Beauty products often exist to hide, heal or erase blemishes. But there are certain conditions — from thigh chafing to body acne to yeast infections — that many top brands have long ignored.

“We used to buy these things in a Target or a CVS and they were ugly, but it didn’t matter,” said Claire McCormack, editor at Beauty Independent, noting that products that support everyday needs like hair removal items and even menstruation tools — mostly used by women — were either dominated by big, unsexy brands or ignored altogether. “Now, we want things on display that look beautiful,” she added.

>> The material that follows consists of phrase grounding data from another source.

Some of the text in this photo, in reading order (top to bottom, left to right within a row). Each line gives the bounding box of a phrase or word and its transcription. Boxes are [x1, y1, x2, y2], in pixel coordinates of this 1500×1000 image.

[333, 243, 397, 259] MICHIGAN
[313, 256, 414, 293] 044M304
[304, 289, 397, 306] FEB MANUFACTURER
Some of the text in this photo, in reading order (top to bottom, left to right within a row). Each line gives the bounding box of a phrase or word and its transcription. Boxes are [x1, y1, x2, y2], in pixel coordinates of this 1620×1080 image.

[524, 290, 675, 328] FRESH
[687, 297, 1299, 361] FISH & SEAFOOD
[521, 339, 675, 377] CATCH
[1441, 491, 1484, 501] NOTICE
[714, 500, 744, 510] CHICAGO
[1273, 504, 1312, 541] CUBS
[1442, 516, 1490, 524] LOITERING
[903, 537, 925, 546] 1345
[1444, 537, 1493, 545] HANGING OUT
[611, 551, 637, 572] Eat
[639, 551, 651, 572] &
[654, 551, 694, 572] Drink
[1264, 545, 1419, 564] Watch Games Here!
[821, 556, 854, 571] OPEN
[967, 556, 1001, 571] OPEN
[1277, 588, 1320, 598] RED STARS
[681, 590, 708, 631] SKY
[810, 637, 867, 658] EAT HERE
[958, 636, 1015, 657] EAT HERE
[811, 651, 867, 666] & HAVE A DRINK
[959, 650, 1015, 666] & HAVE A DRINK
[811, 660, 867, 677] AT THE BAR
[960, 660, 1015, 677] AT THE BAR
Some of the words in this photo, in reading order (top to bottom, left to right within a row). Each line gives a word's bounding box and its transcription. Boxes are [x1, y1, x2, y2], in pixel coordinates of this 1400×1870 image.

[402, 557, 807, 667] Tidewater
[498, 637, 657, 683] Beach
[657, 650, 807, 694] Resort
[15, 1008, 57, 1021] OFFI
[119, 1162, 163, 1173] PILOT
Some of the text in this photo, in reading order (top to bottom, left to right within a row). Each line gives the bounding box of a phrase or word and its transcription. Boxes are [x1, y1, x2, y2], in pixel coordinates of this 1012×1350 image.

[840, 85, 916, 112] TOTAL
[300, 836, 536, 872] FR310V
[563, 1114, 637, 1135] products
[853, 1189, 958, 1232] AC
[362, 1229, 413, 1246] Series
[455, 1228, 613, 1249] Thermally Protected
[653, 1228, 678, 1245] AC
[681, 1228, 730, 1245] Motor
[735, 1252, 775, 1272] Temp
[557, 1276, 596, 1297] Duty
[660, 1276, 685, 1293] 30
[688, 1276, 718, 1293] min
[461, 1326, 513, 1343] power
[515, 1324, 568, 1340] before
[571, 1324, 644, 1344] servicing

But that’s changing. In recent years, a new category that sits at the cross section of beauty and personal care has emerged to address concerns rarely discussed in the past. Megababe tackles thigh chafe and cleavage sweat. Fur makes a ritual of pubic hair grooming with hair oil and a serum for ingrown hairs, packaged in sleek round bottles. There’s also Truly Beauty, a TikTok-favourite skin care brand that makes items formulated for rear-end and breast skin. And also Love Wellness, which sells supplements and vitamins for everything from UTI prevention to restoring the pH balance of a user’s vagina.

By selling direct-to-consumer and upgrading the packaging to be more approachable — and more attractive — these labels are trying to turn once-taboo products into items worthy of front-row display in a medicine cabinet. The hope is that by labelling them as beauty products instead of consumer packaged goods, they will benefit from the deeper, long-lasting relationships beauty companies often develop with shoppers, not to mention the cool factor the category carries when compared with other consumer packaged goods.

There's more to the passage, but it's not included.